**Requirement**
Please return the records below exactly as they appear, leaving every picture out.

(Images for object localization)
* * * * * * *

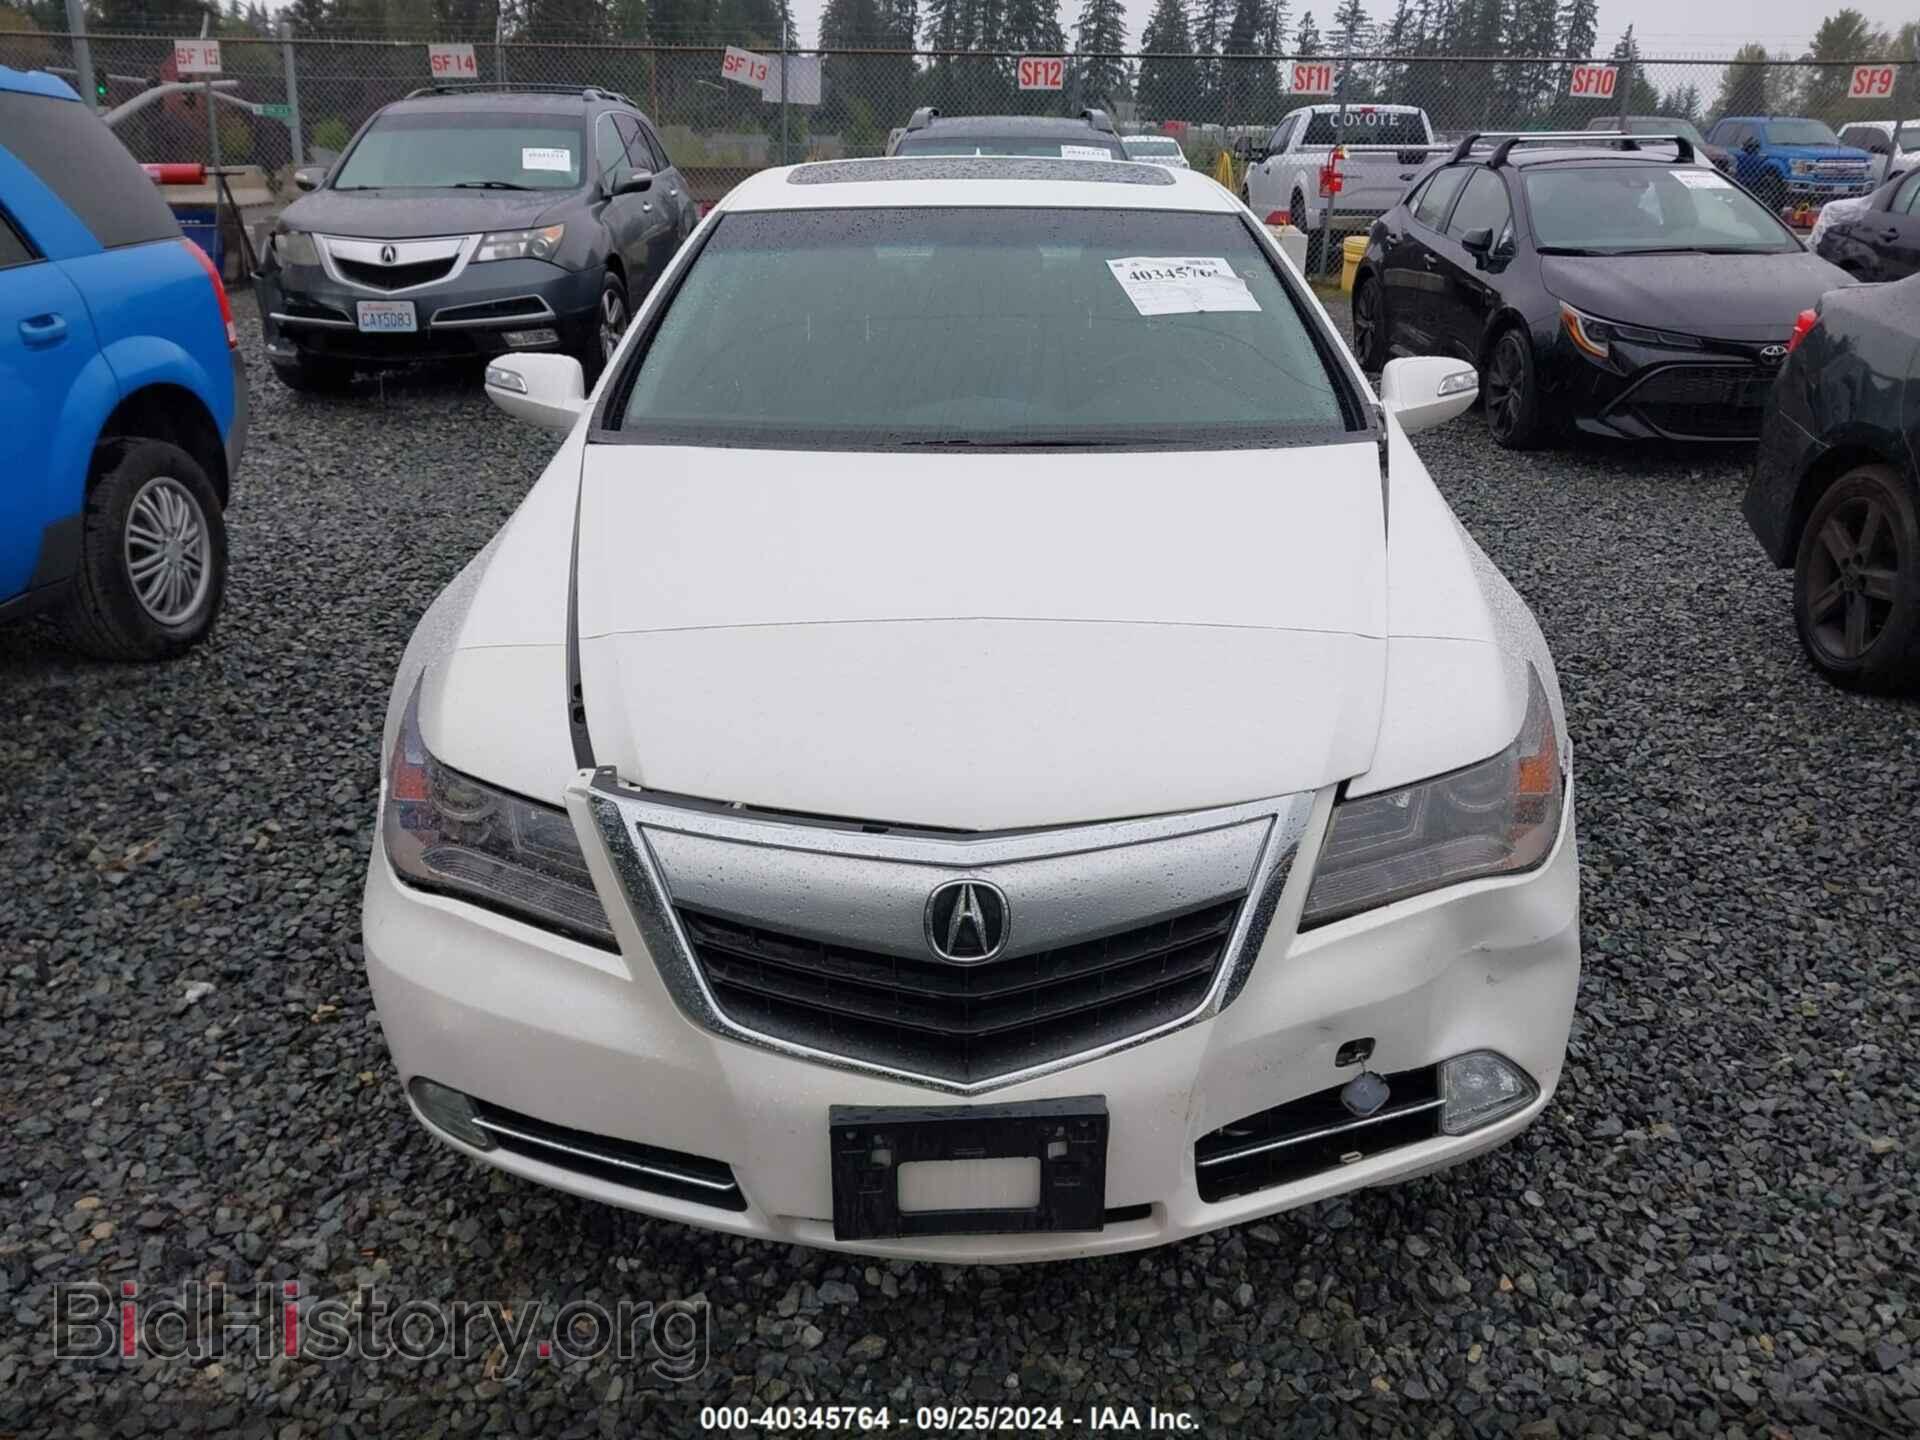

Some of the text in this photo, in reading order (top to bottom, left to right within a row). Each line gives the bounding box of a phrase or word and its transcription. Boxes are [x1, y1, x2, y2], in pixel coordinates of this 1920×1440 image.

[1021, 61, 1062, 86] SF12
[1294, 65, 1331, 91] SF11
[1572, 67, 1614, 96] SF10
[1853, 68, 1893, 94] SF9
[1329, 112, 1400, 128] COYOTE
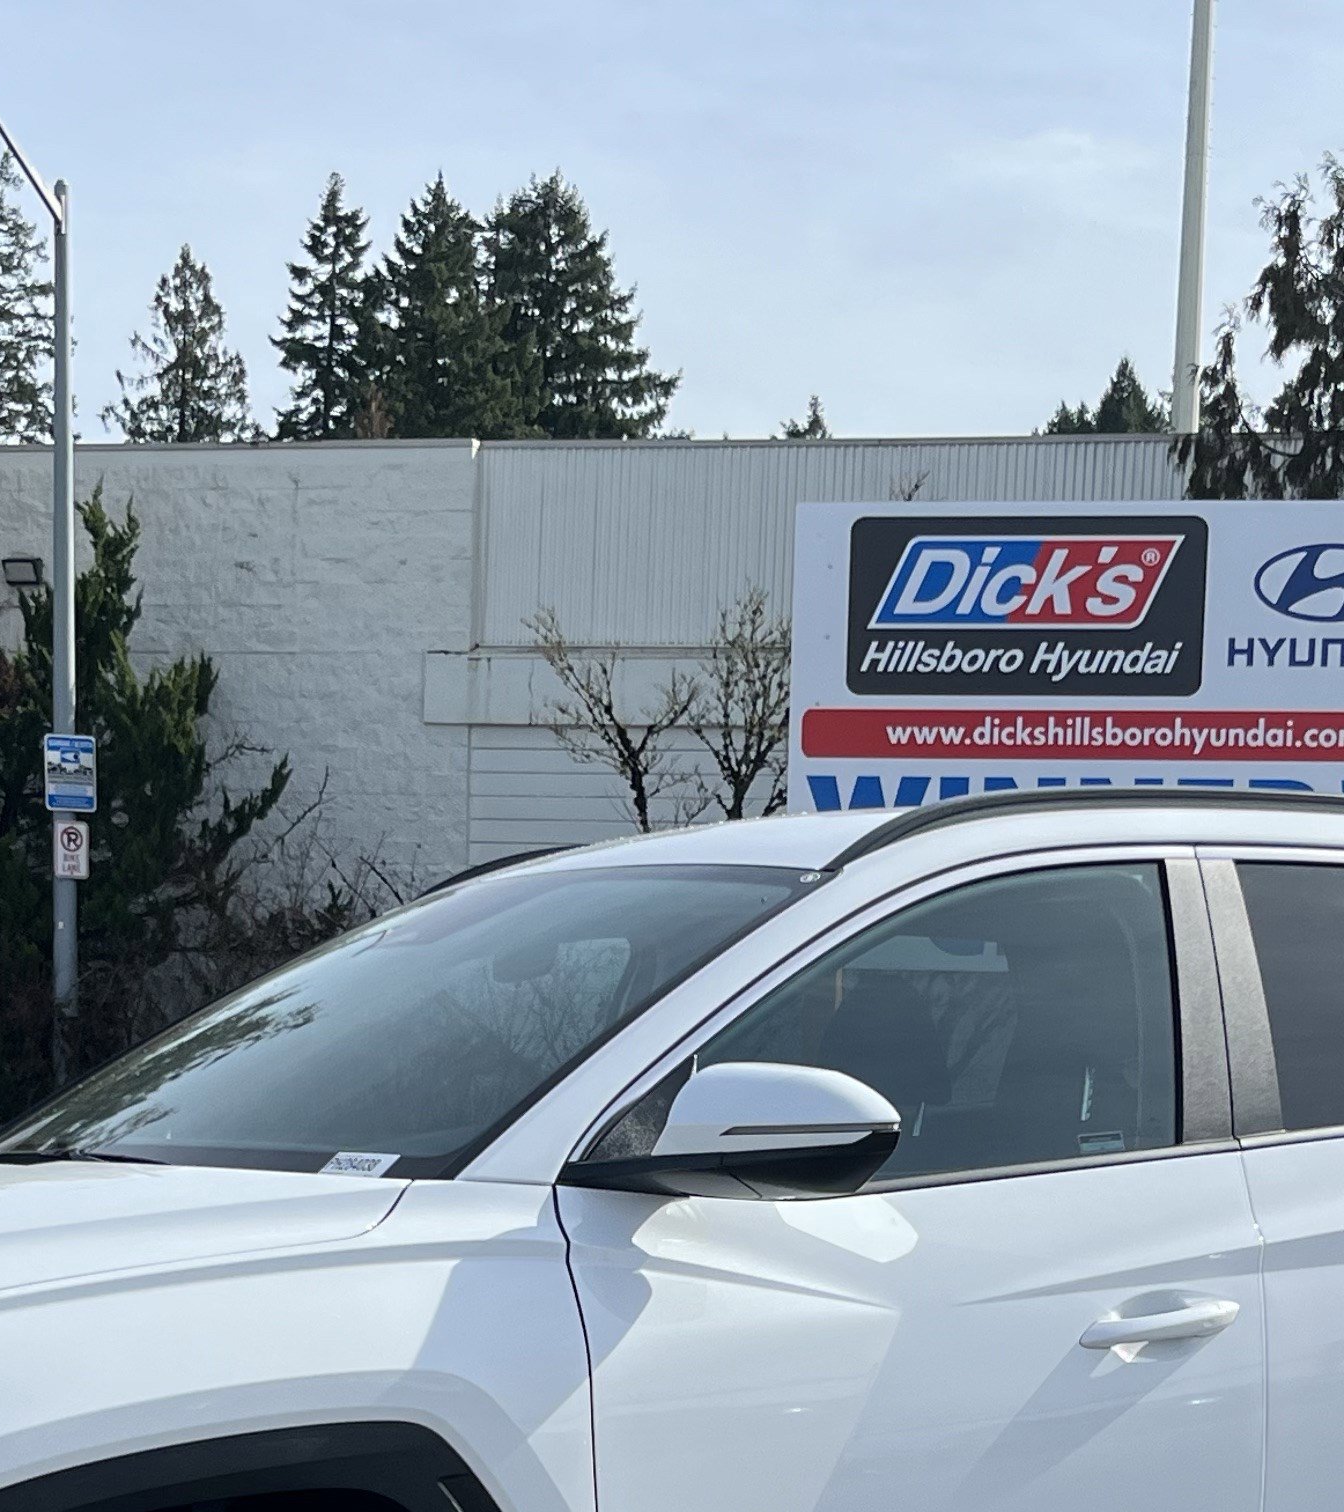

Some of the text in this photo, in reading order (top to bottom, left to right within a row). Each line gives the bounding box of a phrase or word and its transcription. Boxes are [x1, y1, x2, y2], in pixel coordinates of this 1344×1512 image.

[893, 545, 1145, 617] Dick's
[860, 641, 1184, 682] Hillsboro Hyundai
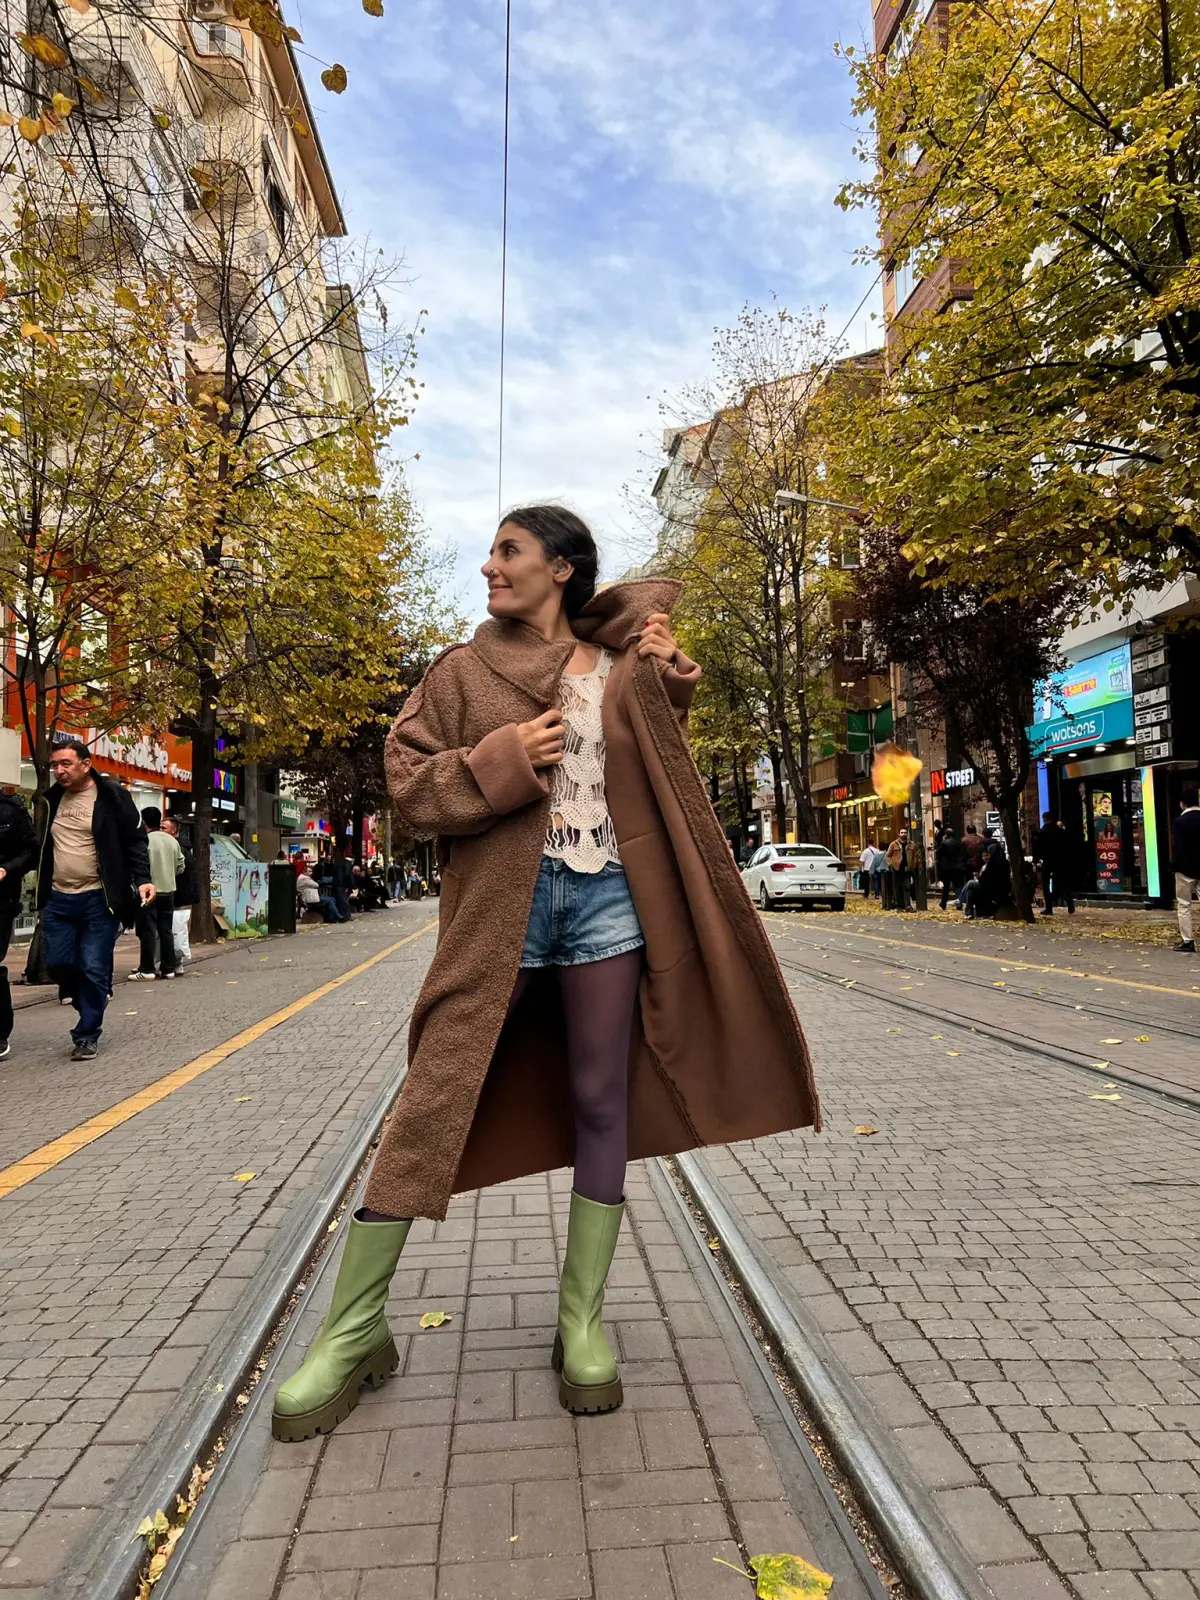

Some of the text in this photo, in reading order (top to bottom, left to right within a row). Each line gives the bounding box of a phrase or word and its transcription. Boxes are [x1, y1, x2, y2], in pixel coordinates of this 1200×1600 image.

[1051, 720, 1096, 742] watsons
[931, 768, 974, 794] IN STREET
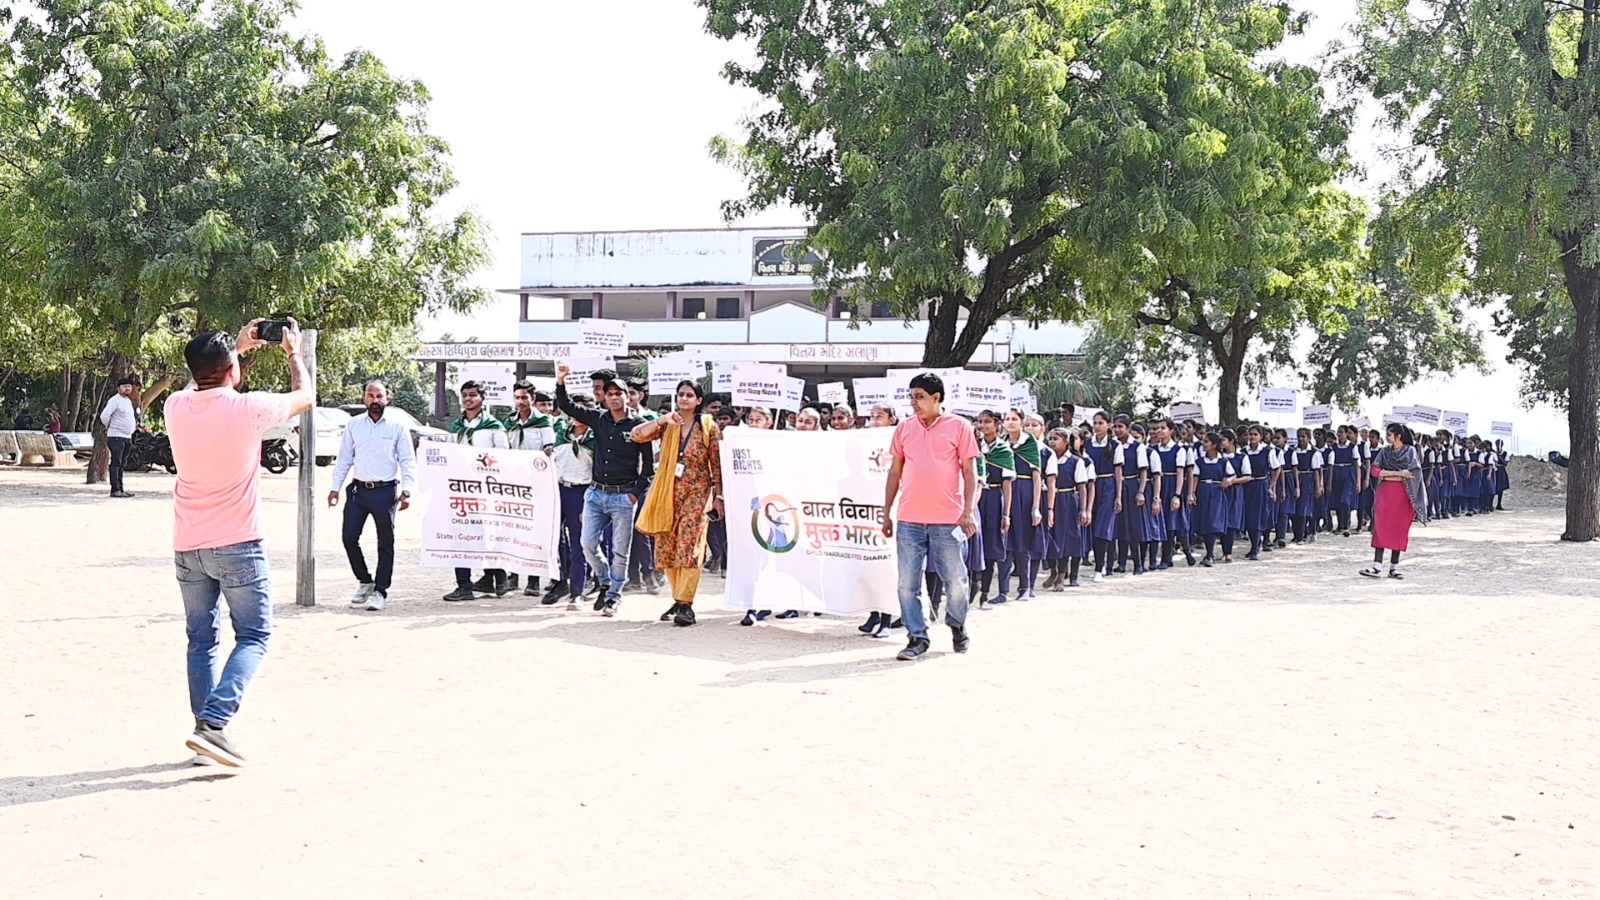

* * * * * * *

**Task result**
Some of the text in this photo, in reading order (top to bottom, left to right within a row). Each line gives the bounding box of a phrase or word and its transcription. Boxes are [x1, y1, x2, y2], in pixel coordinates of this 1920×1440 image.

[1021, 61, 1062, 86] SF12
[1294, 65, 1331, 91] SF11
[1572, 67, 1614, 96] SF10
[1853, 68, 1893, 94] SF9
[1329, 112, 1400, 128] COYOTE

Some of the text in this photo, in reading order (top to bottom, left to right within a row). Each line gives the bounding box of a phrase or word and its transcription. Boxes are [x1, y1, x2, y2], in pixel coordinates of this 1344×1512 image.

[893, 545, 1145, 617] Dick's
[860, 641, 1184, 682] Hillsboro Hyundai

Some of the text in this photo, in reading order (top to bottom, left to right within a row). Each line gives the bounding box of a phrase or word and its transcription. Boxes are [x1, y1, x2, y2], in pixel coordinates of this 1200×1600 image.

[1051, 720, 1096, 742] watsons
[931, 768, 974, 794] IN STREET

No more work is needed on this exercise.